‘Your parents seem pleased to see Finn with Lady Eliza,’ Catherine said as the dance began.
Channing gave a mock frown. ‘I haven’t seen you all evening and that’s the first thing you can think of to say?’
She gave a playful smile. ‘You could have seen me earlier.’
Channing swung them into a turn. ‘I did, I simply couldn’t get away. I was bowled over at the sight of you in that dress. I still am, so is everyone else. I’m dancing with the prettiest girl in the room and they know it.’ Channing winked. ‘Maybe my parents are smiling because I’m dancing with you. They might not be smiling at Finn at all.’
Catherine laughed. ‘I don’t think you’ve changed a bit.’ The comment was just like Channing. He saw the world through his eyes and that world revolved around him. He was his very own Copernican theory, the planet around which all the minor suns orbited. It didn’t make him selfish. Channing was a kind-hearted individual, she knew that. It simply made him Channing and it made him different from Finn. Conversation with Finn wasn’t necessarily all about Finn.
‘Cat, I want to talk to you,’ Channing began. ‘There’s something I need to ask. Do you think we might slip off somewhere quiet?’ She was aware of his hand at her waist, holding her closer than the rule. But this was Channing, handsome, charming Channing, and this was what she’d come home for.
Channing led them to a little sitting room down the hall. He checked to see that it was empty. ‘You never know what some people get up to at a dance,’ he said with a chuckle, ushering her inside. Catherine stood before the fire, her hands clutched, her insides churning with butterflies. She told herself it was because the fairy tale was about to come true.
Channing raised a hand to her hair, smoothing his hand over it, a smile on his face, his blue eyes intent. ‘You’re lovely, Cat. I meant it when I said I was bowled over by your beauty this evening. There isn’t a woman in there who can match you.’
‘Not even Lady Alina?’ she had to ask. That relationship seemed murky at best.
Channing shook his head. ‘She’s business.’ He cupped her jaw and ran his thumb along her cheek. The gesture was soft and gentle, but it raised no prickles of heat down her arms or sent any shivers of delight down her back. ‘You, Cat, you are my pleasure. I have obligations in London I must see to, but when I come back?’ He paused. ‘What I’m trying to say is will you wait for me? When I return, we can announce our engagement if you’ll have me.’
The proposal was so Channing. It had been all about him; his obligations, his return. ‘Don’t you think you should ask me first?’ Catherine laughed.

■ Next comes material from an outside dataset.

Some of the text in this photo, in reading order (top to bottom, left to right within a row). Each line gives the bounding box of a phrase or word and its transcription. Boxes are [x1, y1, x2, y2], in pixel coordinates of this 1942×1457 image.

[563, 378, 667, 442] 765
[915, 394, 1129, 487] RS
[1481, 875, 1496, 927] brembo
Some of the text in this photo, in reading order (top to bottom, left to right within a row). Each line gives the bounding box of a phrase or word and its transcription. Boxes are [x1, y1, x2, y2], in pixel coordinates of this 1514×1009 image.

He took her hand. ‘Will you marry me?’ There was a winsome boyish hope in his voice that excused the lack of pomp behind the question. ‘We’d be the most dashing couple in London. We’d do all the parties, all the balls. Everyone would want to have us.’
He was sincere in his own way. She knew him well enough to know that. But in those moments he was laid bare to her in a way he’d never been. As a friend, as a childhood playmate, his bonhomie, his love of a party, an outing, any social activity, had been enough. He had been the centre of attention and it had been fun to be in the centre with him. Catherine pulled her hand free. She didn’t want to hurt him, but she knew what her answer had to be. It was an answer she’d never thought to make. ‘Marriage has to be more than fun, Channing.’

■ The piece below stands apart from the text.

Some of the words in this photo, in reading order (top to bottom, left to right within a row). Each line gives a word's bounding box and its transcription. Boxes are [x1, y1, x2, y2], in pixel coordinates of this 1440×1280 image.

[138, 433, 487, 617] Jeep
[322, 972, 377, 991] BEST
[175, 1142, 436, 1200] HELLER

He knitted his fair brows. ‘I don’t understand.’
Of course he wouldn’t. Perhaps he couldn’t. It might not be in his make up to understand that things had to be more than fun, more than dares and larks.
‘Can’t you see it?’ he pressed softly. ‘You and I just bashing around London?’
Catherine gave a sad smile. ‘I can see it, that’s why I must decline.’ It would be fun for a while. Channing would lavish every extravagance on her, they would live in the Deverill town house, have every convenience. Most of all, she’d have the one thing Channing didn’t even know he was offering. She’d have what she always wanted—a chance to be part of the Deverill family. She would have it all and it would have been relatively easy to achieve.
Too easy. She’d been taught easy answers were to be suspect. When something was too good to be true, it usually was. Life would be merry until...until parties were no longer enough, until she wanted to do something meaningful with her life, until Finn came to town, a reminder of what she could have aspired to.